La razón y la emoción, por separado, se convierten en
procesos que pueden perjudicar nuestro futuro por medio de decisiones
desacertadas. Somos capaces de valorar una decisión, a pesar de su
racionalidad, como inadecuada (“matar a uno para salvar a
muchos”). También somos capaces de advertir decisiones inadecuadas por lo
exagerado de las razones que las motivan (“no viajar por el miedo a volar”).
En
definitiva, nos valemos de un equilibrio entre lo racional y lo emocional para
decidir de manera correcta, proceso éste que se ha ido conformando gracias a
nuestra experiencia vital.
¿Qué es una decisión acertada?
En principio la respuesta parece fácil: es aquélla
que mayor beneficio nos aporta. Pero esta cuestión no siempre está clara.

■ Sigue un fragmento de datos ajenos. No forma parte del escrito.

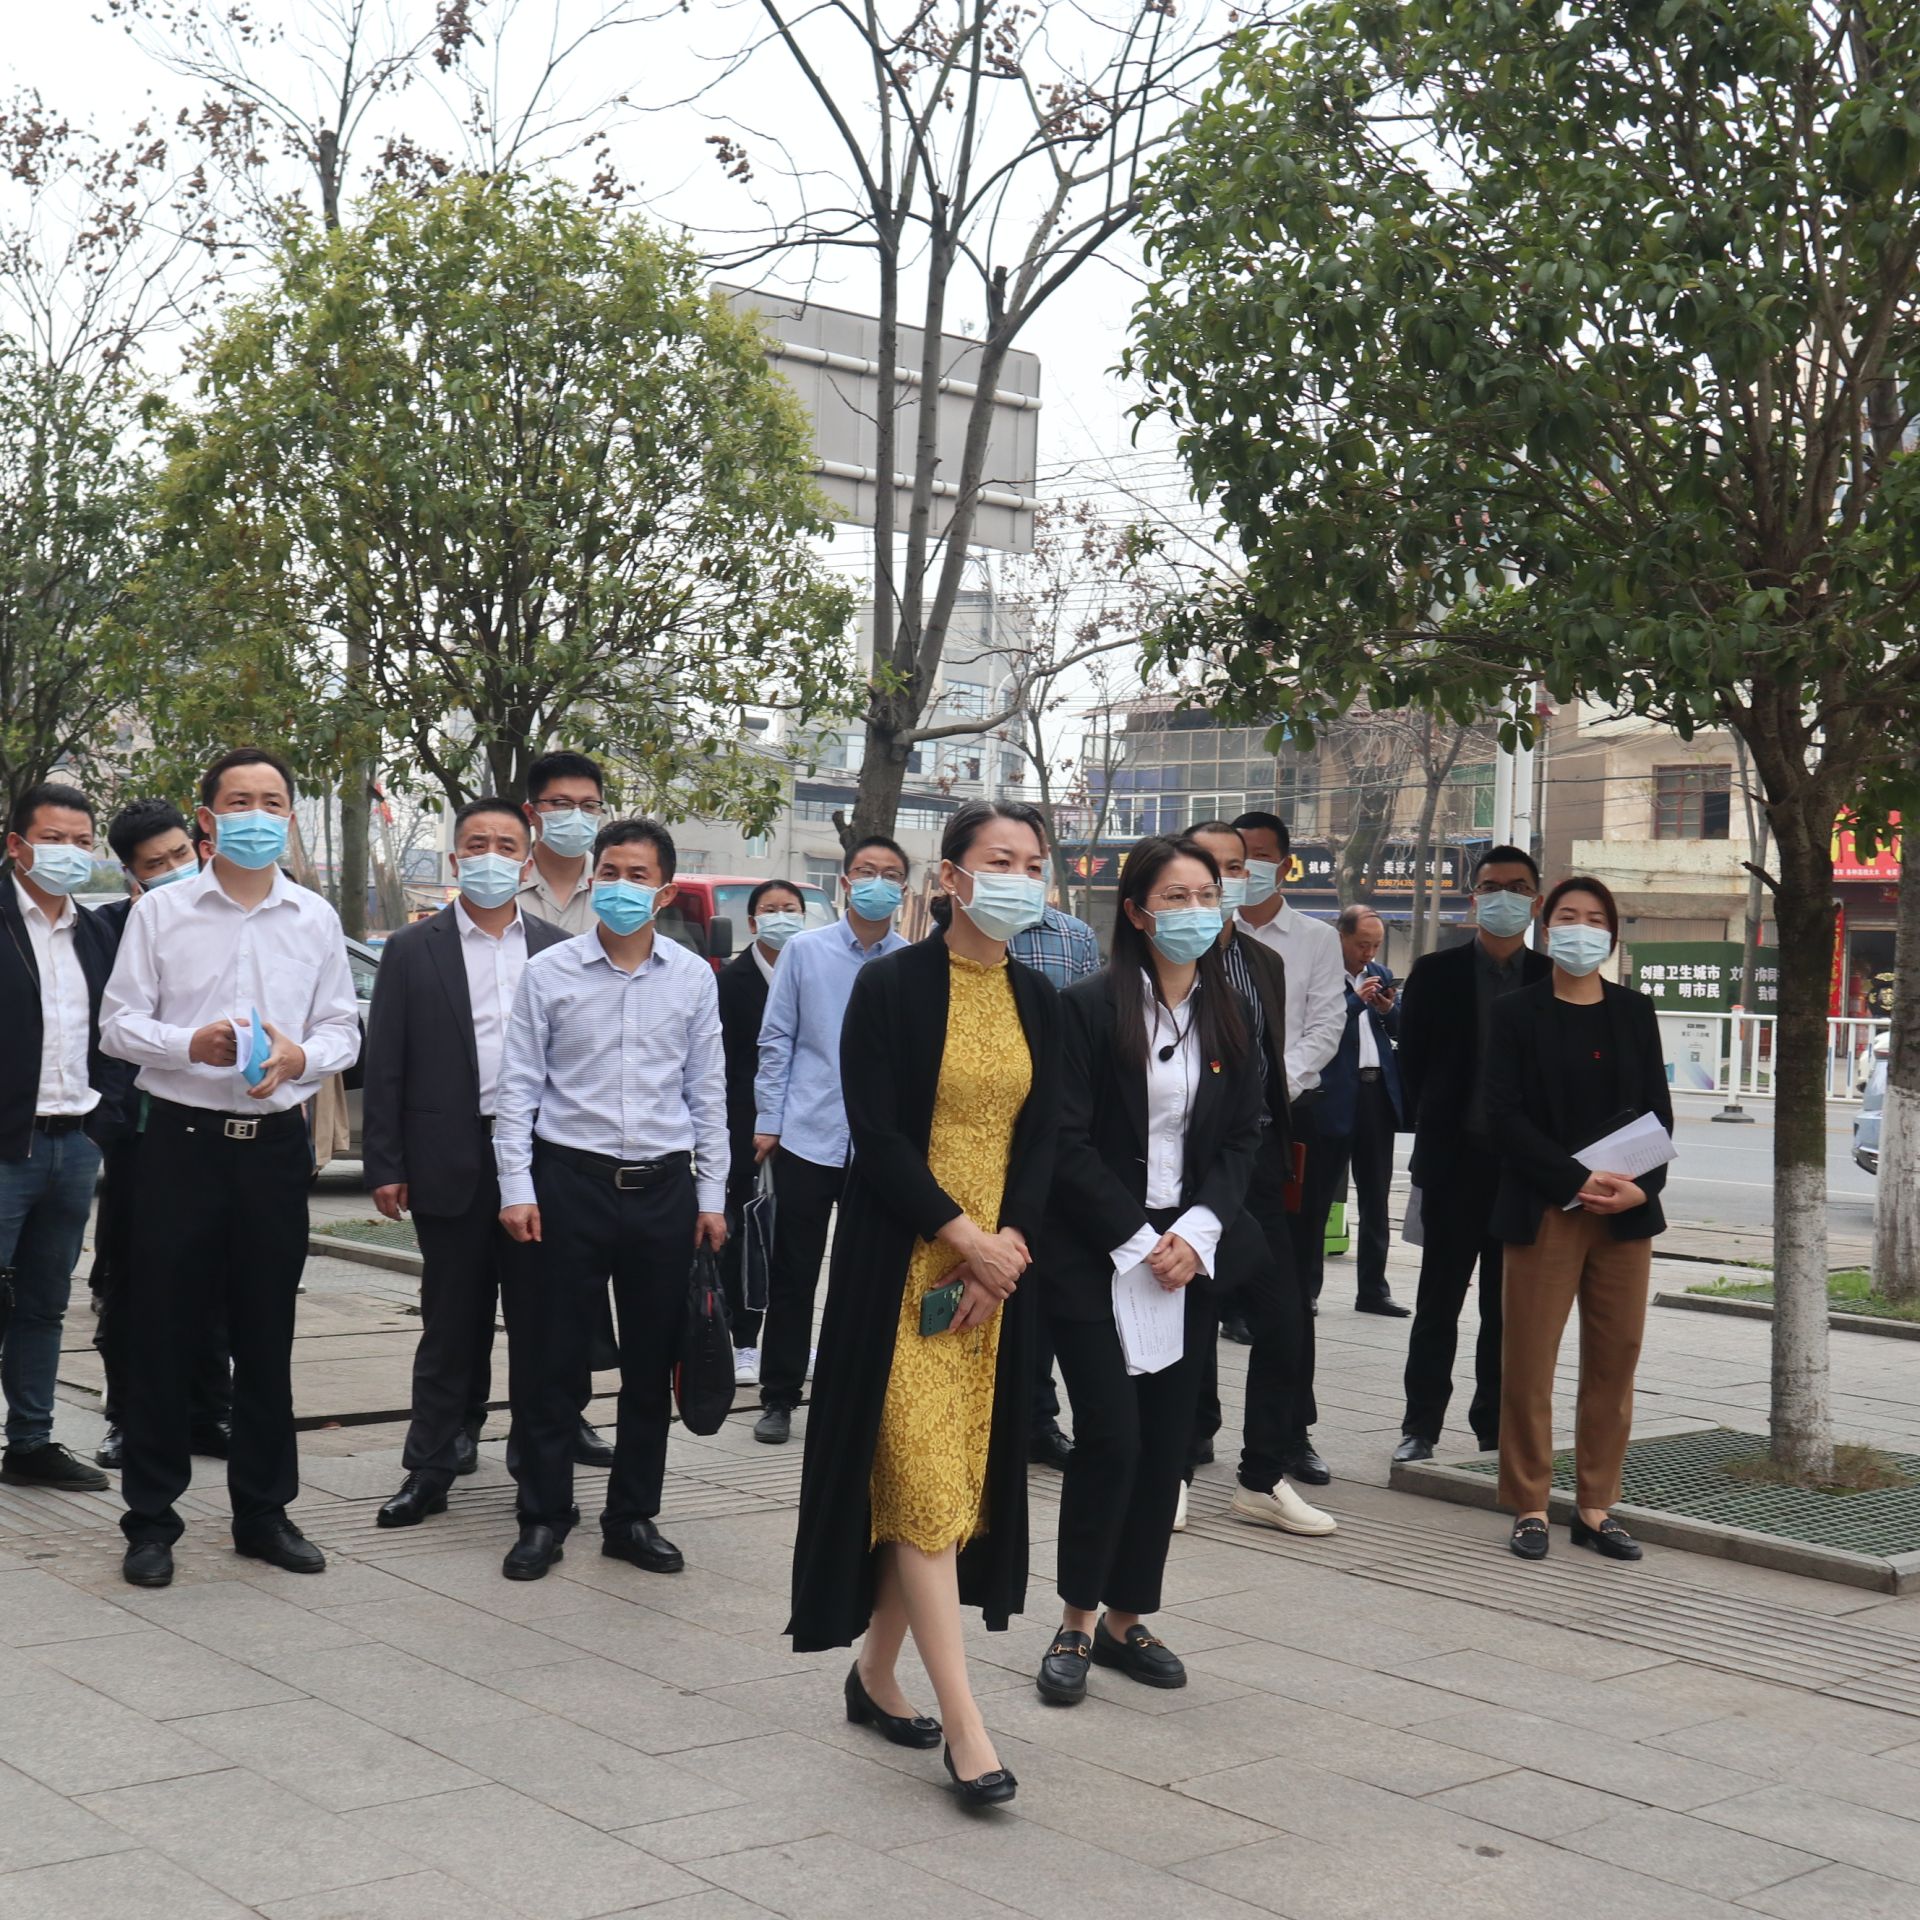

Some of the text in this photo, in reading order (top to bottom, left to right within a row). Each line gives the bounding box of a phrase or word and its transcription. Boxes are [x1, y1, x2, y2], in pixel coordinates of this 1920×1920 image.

Cuando nos enamoramos las emociones toman el mando y dirigen nuestras
decisiones, y una vez que hemos salido de este estado de ensimismamiento nos
preguntamos cómo es posible que actuáramos así, sin tener en cuenta más
opciones que las que dicta el corazón, incluso desatendiendo los consejos de
personas que apreciamos y tenemos en alta estima.
Frases populares como “el amor es ciego” nos advierten
del poder que las emociones tienen sobre estas cuestiones, pero no ha sido
hasta fechas recientes que la emoción se ha considerado un elemento
determinante en los procesos racionales.